WASHINGTON (Reuters) – Asian stocks were set to follow a late Wall Street surge on Tuesday, after the Federal Reserve’s fresh move to support financial markets through the coronavirus pandemic cheered investors.
Crude oil also rose, on signs of a recovery in fuel demand and news suggesting major oil producing nations would meet their commitments to cut output.
The Fed on Monday announced tweaks to its bond buying program, widening the range of eligible assets to include all U.S. corporate bonds that satisfied certain criteria.
This news came after the U.S. and other major central banks halted a steep plunge in equity markets in March through a host of fiscal and economic stimulus programs that helped restore investor confidence.
However, analysts warn markets are likely to be volatile as investors grow increasingly impatient over the pace of business re-opening from the coronavirus-induced lockdowns.
Australian S&P/ASX 200 futures were up 2.46%, while Japan’s Nikkei 225 futures rose 0.36% to be up 2.5% from the close of the underlying index on Monday.
Hong Kong’s Hang Seng index futures rose 1.65%.
Fears of a second wave of COVID-19 infections had earlier rocked world markets, knocking down oil prices and major global equity indices.
MSCI’s gauge of stocks across the globe gained 0.03%.
Investors were spooked after China re-introduced restrictions in some areas after Beijing reported its biggest cluster of new infections since February.
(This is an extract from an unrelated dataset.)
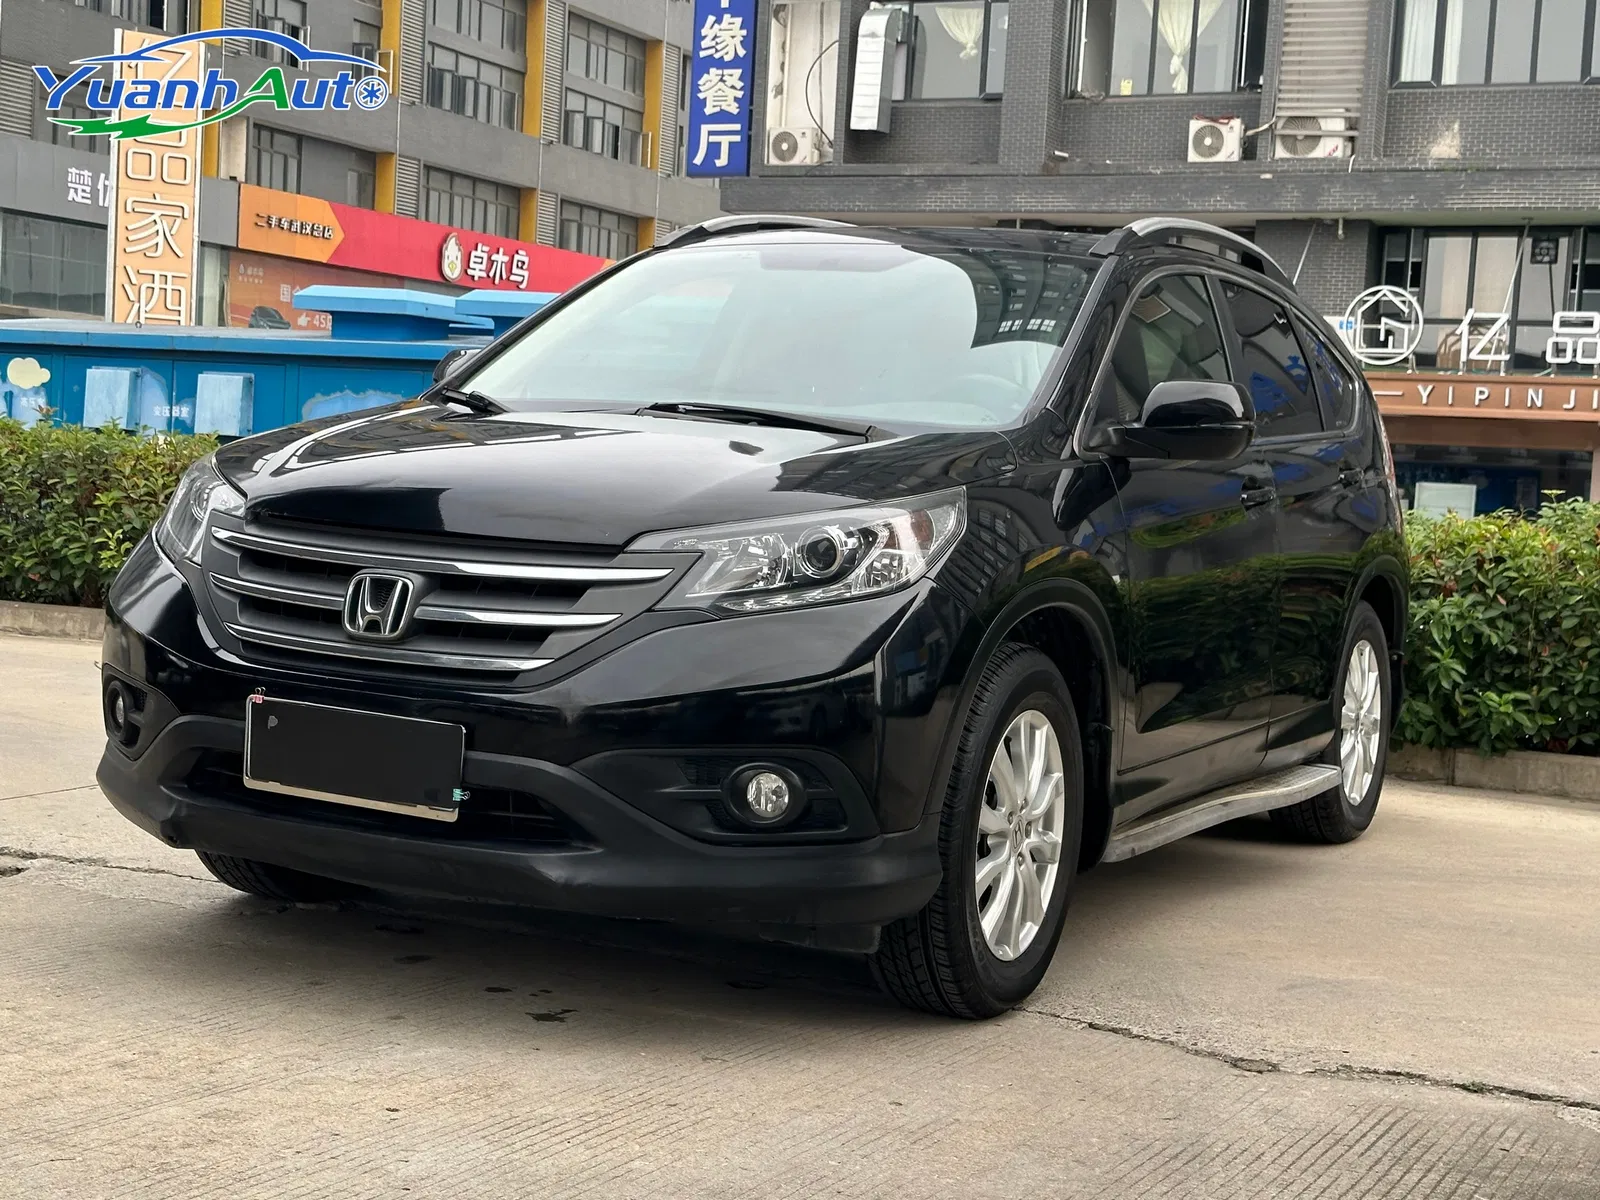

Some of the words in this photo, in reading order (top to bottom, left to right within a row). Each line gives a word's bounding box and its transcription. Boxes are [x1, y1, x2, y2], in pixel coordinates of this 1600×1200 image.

New cases and hospitalizations in record numbers also swept through more U.S. states.
Data showed factories in China stepped up production for a second straight month in May, giving investors hope, but also sustained contractions in retail sales and investment, suggesting many sectors were still struggling.
“We were able to shake off the early morning negative COVID-19 headlines from China,” said Joe Saluzzi, a partner at New Jersey-based brokerage firm, Themis Trading LLC.
“I think U.S. investors are keeping a close eye on the COVID-19 data, but it will take a more pronounced uptrend in positive cases for sellers to get more aggressive,” added Saluzzi.
The Japanese yen weakened 0.06% versus the greenback at 107.37 per dollar, while sterling last traded at $1.2615, up 0.10% on the day.
Crude oil swung into positive territory on improving demand and signs Organization of the Petroleum Exporting member states and allies were complying with a production cuts.
Prices rebounded after the energy minister of the United Arab Emirates voiced confidence that OPEC+ countries would meet their commitments.
U.S. crude recently rose 0.19% to $37.19 per barrel and Brent was at $39.89, up 3% on the day.
U.S. Treasury yields rebounded on the Fed announcement, as investors set aside concerns over the spread of the coronavirus that has boosted demand for safe-haven bonds.
Benchmark 10-year notes last fell 14/32 in price to yield 0.7462%, from 0.702% on Monday.
Euro zone yields edged down as investors bought safer assets such as government bonds.
Germany’s 10-year bond yield earlier was near a three-week lows at -0.45%.
The dollar index against a basket of currencies fell 0.6%.